Work item>
Print the entries verbatim, leaving out the images they contain.

(Exercise input Opens)

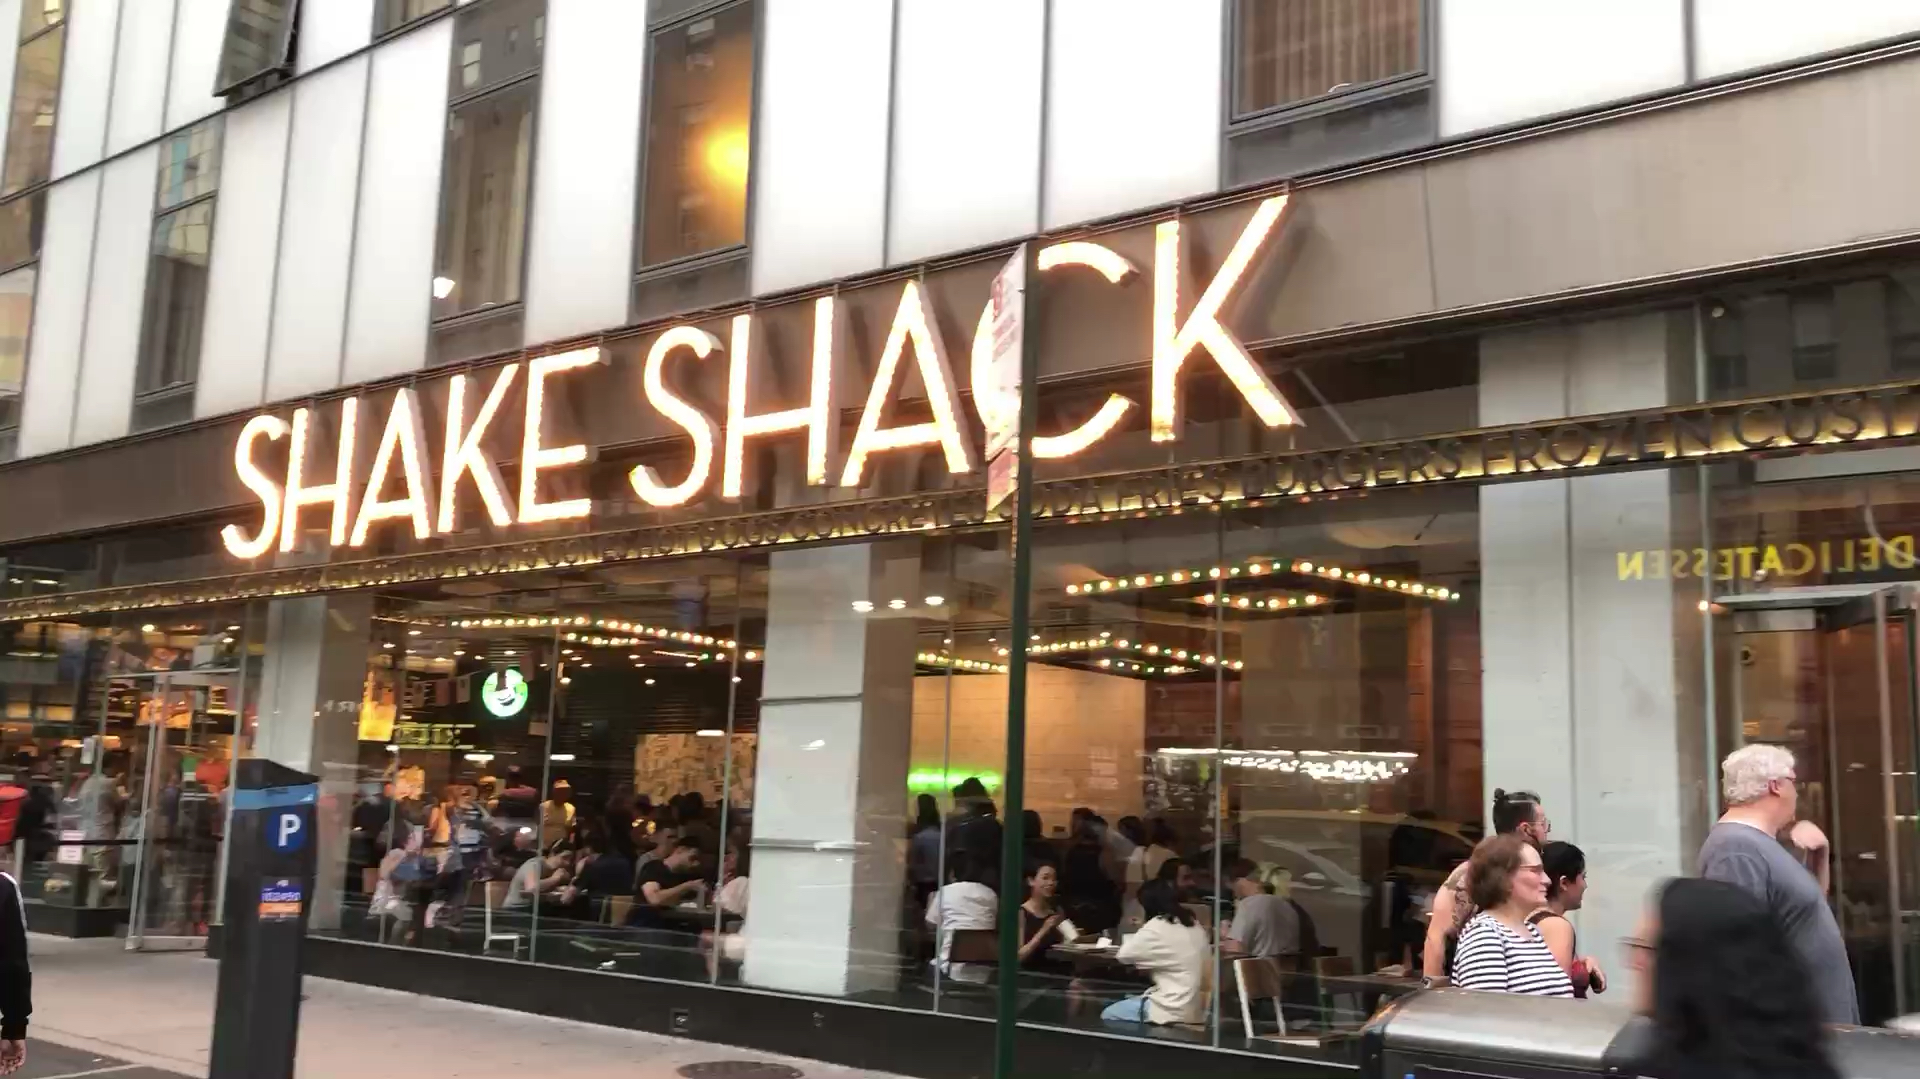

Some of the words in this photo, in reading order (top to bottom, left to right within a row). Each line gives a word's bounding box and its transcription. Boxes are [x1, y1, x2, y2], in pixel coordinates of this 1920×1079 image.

[221, 344, 607, 560] SHAKE
[630, 194, 1300, 507] SHACK
[1117, 462, 1225, 511] FRIES
[1244, 436, 1463, 500] BURGERS
[1481, 409, 1715, 476] FROZEN
[1730, 385, 1920, 450] CUST
[278, 813, 302, 847] P

(Exercise input Closes)

Result of the exercise>
Some of the words in this photo, in reading order (top to bottom, left to right within a row). Each line gives a word's bounding box and its transcription. Boxes are [x1, y1, x2, y2], in pixel coordinates of this 1920×1079 image.

[221, 344, 607, 560] SHAKE
[630, 194, 1300, 507] SHACK
[1117, 462, 1225, 511] FRIES
[1244, 436, 1463, 500] BURGERS
[1481, 409, 1715, 476] FROZEN
[1730, 385, 1920, 450] CUST
[278, 813, 302, 847] P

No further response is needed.